Start of Block
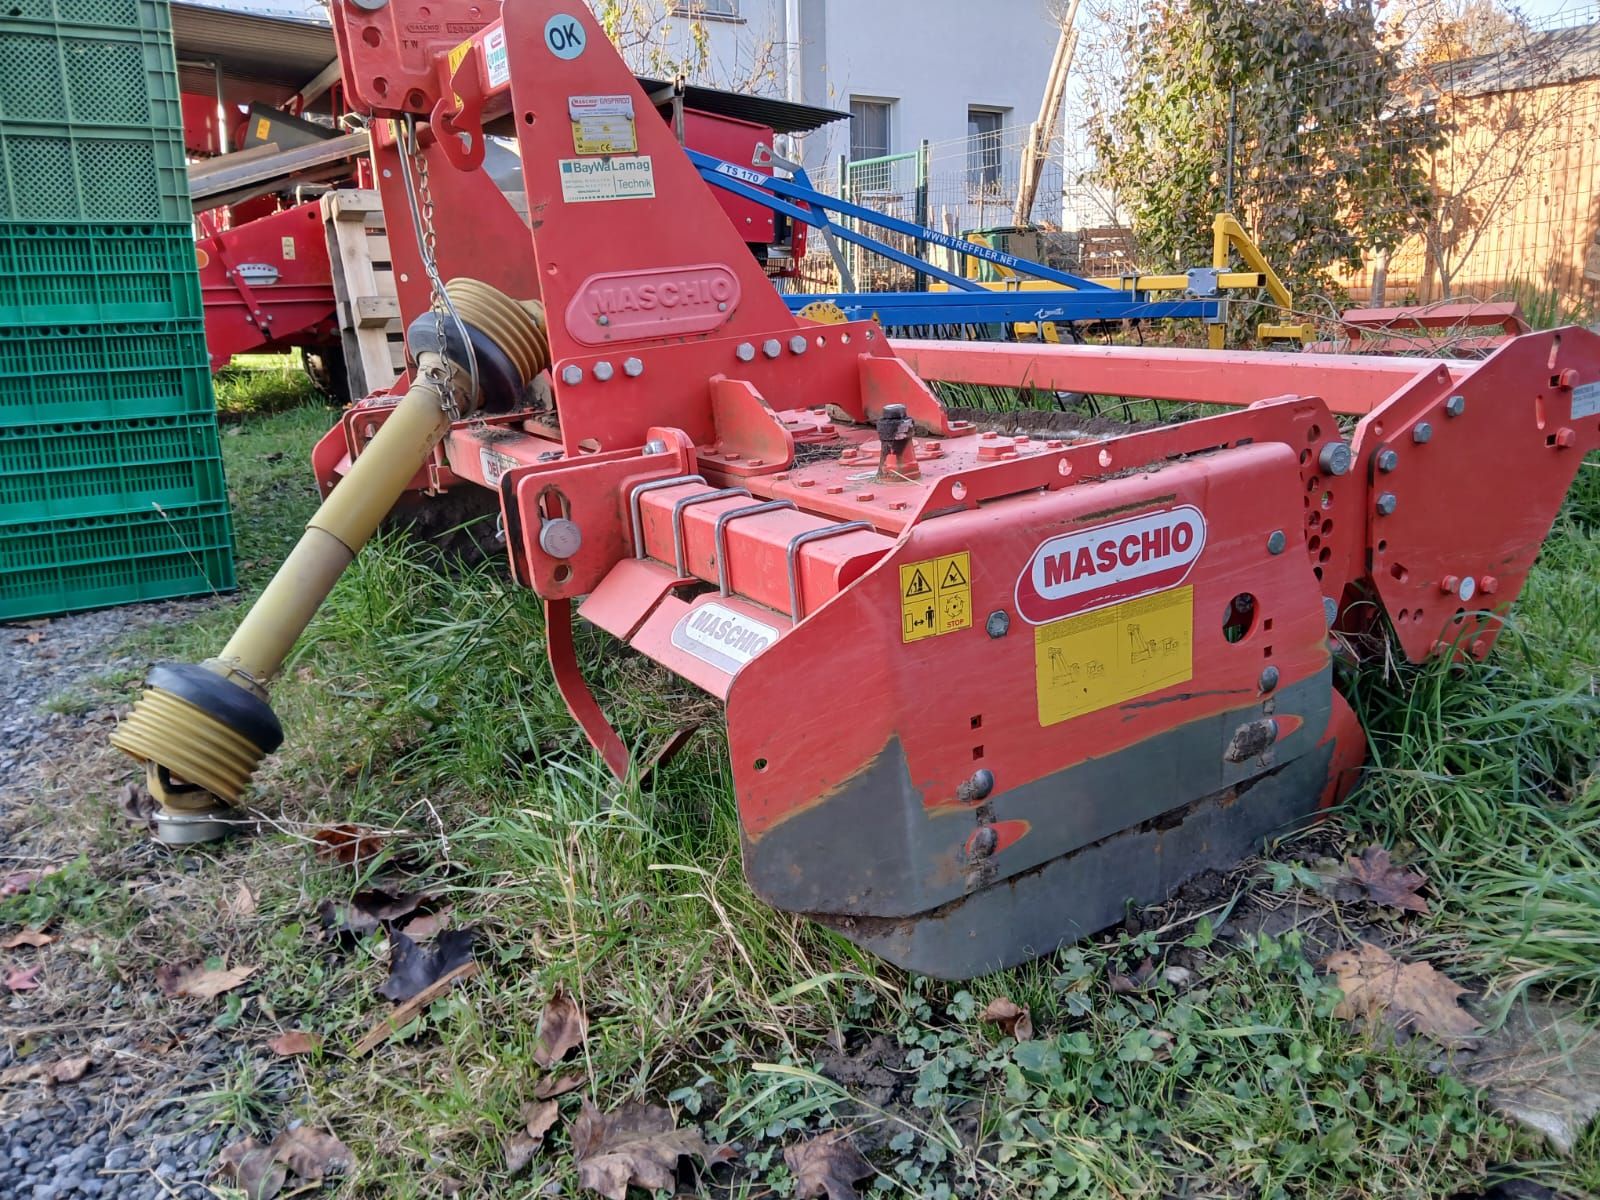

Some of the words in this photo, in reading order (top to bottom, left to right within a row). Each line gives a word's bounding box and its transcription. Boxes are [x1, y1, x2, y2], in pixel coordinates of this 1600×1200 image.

[549, 22, 582, 51] OK
[572, 160, 611, 175] BayWa
[611, 160, 651, 172] Lamag
[725, 164, 739, 177] TS
[741, 171, 760, 183] 170
[617, 178, 653, 190] Technik
[922, 227, 1019, 268] WWW.TREFFLER.NET
[588, 275, 733, 316] MASCHIO
[1043, 520, 1194, 588] MASCHIO
[690, 610, 769, 658] MASCHIO
[946, 618, 965, 629] STOP
End of Block
## EXERCISE DETAILS
The response should be the full material, repeated exactly, with images removed.

## WORKED SOLUTION
Some of the words in this photo, in reading order (top to bottom, left to right within a row). Each line gives a word's bounding box and its transcription. Boxes are [x1, y1, x2, y2], in pixel coordinates of this 1600×1200 image.

[549, 22, 582, 51] OK
[572, 160, 611, 175] BayWa
[611, 160, 651, 172] Lamag
[725, 164, 739, 177] TS
[741, 171, 760, 183] 170
[617, 178, 653, 190] Technik
[922, 227, 1019, 268] WWW.TREFFLER.NET
[588, 275, 733, 316] MASCHIO
[1043, 520, 1194, 588] MASCHIO
[690, 610, 769, 658] MASCHIO
[946, 618, 965, 629] STOP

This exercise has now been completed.